Guía paso a paso para una aplicación perfecta

Para que la mascarilla de queratina sea realmente efectiva, es fundamental seguir un proceso de aplicación correcto. No se trata solo de aplicar el producto, sino de preparar el cabello para que lo absorba de la mejor manera posible.

Paso 1: Limpieza profunda

Comienza lavando tu cabello con un champú suave o clarificante. Un buen lavado elimina los residuos de productos y la suciedad, abriendo ligeramente la cutícula para que la mascarilla penetre mejor. Aclara muy bien con agua tibia.

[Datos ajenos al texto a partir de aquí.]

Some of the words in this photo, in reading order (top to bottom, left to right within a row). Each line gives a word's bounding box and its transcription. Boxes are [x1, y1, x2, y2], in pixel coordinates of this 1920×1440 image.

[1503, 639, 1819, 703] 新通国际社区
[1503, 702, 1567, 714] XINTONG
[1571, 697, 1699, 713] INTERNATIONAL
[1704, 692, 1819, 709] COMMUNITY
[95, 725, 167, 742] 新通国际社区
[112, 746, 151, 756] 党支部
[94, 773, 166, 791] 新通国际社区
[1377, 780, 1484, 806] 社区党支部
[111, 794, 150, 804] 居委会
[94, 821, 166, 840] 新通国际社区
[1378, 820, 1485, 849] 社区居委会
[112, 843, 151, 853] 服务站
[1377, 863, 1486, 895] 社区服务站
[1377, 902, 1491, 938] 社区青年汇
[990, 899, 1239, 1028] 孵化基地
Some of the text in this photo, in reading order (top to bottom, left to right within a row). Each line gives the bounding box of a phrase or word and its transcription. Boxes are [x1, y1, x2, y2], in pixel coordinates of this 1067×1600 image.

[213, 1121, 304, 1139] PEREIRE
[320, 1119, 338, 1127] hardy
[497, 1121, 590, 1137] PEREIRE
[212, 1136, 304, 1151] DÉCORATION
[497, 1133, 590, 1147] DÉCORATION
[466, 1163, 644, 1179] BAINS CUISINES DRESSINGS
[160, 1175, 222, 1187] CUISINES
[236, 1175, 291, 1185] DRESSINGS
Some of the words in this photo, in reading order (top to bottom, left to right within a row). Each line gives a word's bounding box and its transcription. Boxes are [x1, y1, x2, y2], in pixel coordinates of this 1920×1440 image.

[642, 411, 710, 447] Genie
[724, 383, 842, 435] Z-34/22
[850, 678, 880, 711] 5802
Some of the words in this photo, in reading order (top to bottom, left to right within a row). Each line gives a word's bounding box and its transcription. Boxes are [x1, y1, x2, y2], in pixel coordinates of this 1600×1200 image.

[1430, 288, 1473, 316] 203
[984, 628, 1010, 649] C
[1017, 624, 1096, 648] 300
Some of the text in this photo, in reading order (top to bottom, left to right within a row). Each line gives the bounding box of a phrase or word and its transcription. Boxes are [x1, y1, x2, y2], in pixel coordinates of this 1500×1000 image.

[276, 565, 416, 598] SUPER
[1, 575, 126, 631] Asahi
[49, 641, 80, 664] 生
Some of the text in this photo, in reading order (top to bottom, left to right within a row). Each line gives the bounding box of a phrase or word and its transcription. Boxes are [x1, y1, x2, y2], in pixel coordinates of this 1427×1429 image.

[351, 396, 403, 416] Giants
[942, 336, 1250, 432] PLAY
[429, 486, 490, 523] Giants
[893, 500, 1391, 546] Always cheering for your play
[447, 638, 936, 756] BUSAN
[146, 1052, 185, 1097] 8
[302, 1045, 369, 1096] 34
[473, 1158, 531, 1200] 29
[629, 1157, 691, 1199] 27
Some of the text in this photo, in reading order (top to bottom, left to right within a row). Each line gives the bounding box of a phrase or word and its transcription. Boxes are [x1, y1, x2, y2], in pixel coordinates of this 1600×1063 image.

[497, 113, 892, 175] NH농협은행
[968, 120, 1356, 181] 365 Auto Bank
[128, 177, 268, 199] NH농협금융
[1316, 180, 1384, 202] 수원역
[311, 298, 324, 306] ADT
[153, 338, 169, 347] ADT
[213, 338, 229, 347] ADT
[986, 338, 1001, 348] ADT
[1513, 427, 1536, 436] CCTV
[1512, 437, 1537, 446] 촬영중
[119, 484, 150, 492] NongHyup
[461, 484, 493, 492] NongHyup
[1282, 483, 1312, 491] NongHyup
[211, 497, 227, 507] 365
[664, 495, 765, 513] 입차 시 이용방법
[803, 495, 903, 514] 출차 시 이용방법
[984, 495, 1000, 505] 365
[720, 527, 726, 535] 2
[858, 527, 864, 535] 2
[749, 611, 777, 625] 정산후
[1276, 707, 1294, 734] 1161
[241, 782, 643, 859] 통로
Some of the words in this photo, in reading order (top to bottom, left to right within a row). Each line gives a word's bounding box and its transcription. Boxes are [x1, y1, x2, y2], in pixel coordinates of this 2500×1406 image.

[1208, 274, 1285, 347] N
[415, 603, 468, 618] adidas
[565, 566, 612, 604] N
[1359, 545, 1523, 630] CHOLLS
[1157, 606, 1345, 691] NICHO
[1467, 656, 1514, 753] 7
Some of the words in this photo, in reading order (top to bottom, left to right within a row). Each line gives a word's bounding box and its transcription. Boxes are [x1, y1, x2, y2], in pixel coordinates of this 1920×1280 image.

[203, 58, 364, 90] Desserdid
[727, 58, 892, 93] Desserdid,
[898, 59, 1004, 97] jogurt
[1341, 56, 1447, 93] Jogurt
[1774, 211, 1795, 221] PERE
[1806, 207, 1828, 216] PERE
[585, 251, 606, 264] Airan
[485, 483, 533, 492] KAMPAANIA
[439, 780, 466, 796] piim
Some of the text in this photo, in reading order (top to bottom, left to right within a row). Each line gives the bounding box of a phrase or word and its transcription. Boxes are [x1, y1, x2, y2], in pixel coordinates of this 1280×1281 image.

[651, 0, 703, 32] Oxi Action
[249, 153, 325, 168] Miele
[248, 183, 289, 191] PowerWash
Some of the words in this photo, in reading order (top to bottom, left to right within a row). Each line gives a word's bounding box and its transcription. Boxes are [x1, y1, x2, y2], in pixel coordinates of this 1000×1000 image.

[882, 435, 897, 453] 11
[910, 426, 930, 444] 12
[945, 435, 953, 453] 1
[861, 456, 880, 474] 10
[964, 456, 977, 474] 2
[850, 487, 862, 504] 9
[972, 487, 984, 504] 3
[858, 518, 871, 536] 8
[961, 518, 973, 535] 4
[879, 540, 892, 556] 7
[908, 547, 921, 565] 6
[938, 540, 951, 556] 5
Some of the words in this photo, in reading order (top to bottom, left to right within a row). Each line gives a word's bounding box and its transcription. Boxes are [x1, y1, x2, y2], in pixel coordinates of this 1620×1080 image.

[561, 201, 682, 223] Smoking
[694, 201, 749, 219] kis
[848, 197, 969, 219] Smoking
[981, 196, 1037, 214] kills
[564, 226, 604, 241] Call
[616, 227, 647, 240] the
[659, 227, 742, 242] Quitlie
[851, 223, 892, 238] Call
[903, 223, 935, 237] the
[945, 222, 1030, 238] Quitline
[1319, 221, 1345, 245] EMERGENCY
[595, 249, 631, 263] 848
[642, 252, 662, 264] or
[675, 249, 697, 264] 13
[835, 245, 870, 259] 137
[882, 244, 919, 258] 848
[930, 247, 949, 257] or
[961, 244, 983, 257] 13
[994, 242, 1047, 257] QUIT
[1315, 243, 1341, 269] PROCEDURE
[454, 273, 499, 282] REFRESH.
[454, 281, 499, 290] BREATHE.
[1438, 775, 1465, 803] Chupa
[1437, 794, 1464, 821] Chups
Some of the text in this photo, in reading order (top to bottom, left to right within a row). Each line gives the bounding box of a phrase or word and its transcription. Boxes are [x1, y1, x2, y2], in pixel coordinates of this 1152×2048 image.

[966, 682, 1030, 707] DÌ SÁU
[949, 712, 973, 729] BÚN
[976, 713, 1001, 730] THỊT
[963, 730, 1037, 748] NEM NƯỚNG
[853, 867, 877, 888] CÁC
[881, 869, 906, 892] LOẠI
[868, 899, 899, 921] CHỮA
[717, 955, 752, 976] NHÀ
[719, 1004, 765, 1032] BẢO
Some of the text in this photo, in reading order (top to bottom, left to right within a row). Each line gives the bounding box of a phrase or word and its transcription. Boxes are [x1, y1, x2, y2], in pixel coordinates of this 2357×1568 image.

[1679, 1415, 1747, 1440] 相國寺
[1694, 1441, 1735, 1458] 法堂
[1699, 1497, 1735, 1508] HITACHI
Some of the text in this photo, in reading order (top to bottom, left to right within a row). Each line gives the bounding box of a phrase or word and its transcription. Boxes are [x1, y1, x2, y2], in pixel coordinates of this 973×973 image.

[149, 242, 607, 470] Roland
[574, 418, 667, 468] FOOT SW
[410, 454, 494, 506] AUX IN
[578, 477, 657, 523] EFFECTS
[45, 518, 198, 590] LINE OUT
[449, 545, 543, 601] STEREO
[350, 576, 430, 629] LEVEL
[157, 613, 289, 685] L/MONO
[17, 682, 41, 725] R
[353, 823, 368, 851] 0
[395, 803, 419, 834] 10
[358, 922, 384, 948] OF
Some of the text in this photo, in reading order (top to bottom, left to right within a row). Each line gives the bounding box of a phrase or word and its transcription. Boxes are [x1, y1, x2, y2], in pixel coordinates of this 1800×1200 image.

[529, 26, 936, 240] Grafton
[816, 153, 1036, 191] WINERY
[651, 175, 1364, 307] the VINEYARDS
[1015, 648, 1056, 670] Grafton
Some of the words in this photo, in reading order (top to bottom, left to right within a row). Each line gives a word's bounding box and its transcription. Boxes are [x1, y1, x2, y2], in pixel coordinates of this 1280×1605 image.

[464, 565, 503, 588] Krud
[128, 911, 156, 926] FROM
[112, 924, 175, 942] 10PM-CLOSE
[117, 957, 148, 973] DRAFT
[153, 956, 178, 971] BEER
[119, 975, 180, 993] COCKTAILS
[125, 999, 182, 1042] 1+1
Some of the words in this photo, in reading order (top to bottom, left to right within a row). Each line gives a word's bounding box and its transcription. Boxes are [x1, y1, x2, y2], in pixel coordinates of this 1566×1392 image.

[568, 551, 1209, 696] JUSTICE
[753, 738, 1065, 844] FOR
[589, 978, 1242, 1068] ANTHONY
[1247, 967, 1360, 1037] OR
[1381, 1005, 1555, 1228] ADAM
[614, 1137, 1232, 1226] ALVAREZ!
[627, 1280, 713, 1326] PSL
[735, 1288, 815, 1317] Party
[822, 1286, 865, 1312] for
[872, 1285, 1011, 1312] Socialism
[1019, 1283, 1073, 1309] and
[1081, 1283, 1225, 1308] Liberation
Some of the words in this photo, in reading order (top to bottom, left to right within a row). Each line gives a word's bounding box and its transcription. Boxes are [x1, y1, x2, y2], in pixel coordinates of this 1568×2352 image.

Paso 2: Eliminar el exceso de humedad

Después de lavar, no apliques la mascarilla sobre el cabello empapado. Exprime suavemente el exceso de agua con las manos y luego presiona con una toalla de microfibra para retirar la humedad. El cabello debe estar húmedo, no goteando, para que el producto no se diluya.

Paso 3: Aplicación por secciones

Divide tu cabello en 4 o más secciones para asegurar una distribución uniforme. Aplica la mascarilla de queratina de medios a puntas, que es donde el cabello suele estar más dañado. Evita el cuero cabelludo para no aportarle peso ni grasa. Masajea cada mechón para asegurar que el producto cubra toda la hebra.

Paso 4: Tiempo de actuación y calor

Una vez aplicada, recoge tu cabello y cúbrelo con un gorro de ducha o una toalla caliente. El calor ayuda a que la queratina penetre más profundamente en la fibra capilar. Sigue las instrucciones del envase sobre el tiempo de exposición, que suele oscilar entre 15 y 30 minutos.

Paso 5: Aclarado final

Aclara el cabello abundantemente con agua tibia o fría. El agua fría ayuda a sellar la cutícula, atrapando los nutrientes dentro y potenciando el brillo. Asegúrate de que no queden residuos de producto.

Frecuencia de uso: El equilibrio es la clave

Uno de los errores más comunes es abusar de los tratamientos de proteínas. Un exceso de queratina puede provocar el efecto contrario al deseado: el cabello puede volverse rígido, duro y quebradizo, un fenómeno conocido como "sobrecarga de proteínas". La frecuencia ideal depende del estado de tu cabello:

  • Para cabello muy dañado: Puedes empezar usándola una vez por semana durante el primer mes para una reparación intensiva.
  • Para mantenimiento y cabello con daño moderado: Una aplicación cada 15 días o una vez al mes será suficiente para mantener la fuerza y el brillo.

Escucha a tu cabello. Si después de un tratamiento lo sientes fuerte y elástico, has acertado. Si lo sientes áspero o rígido, espacia más las aplicaciones y alterna con mascarillas hidratantes para mantener el equilibrio perfecto entre proteína y humedad.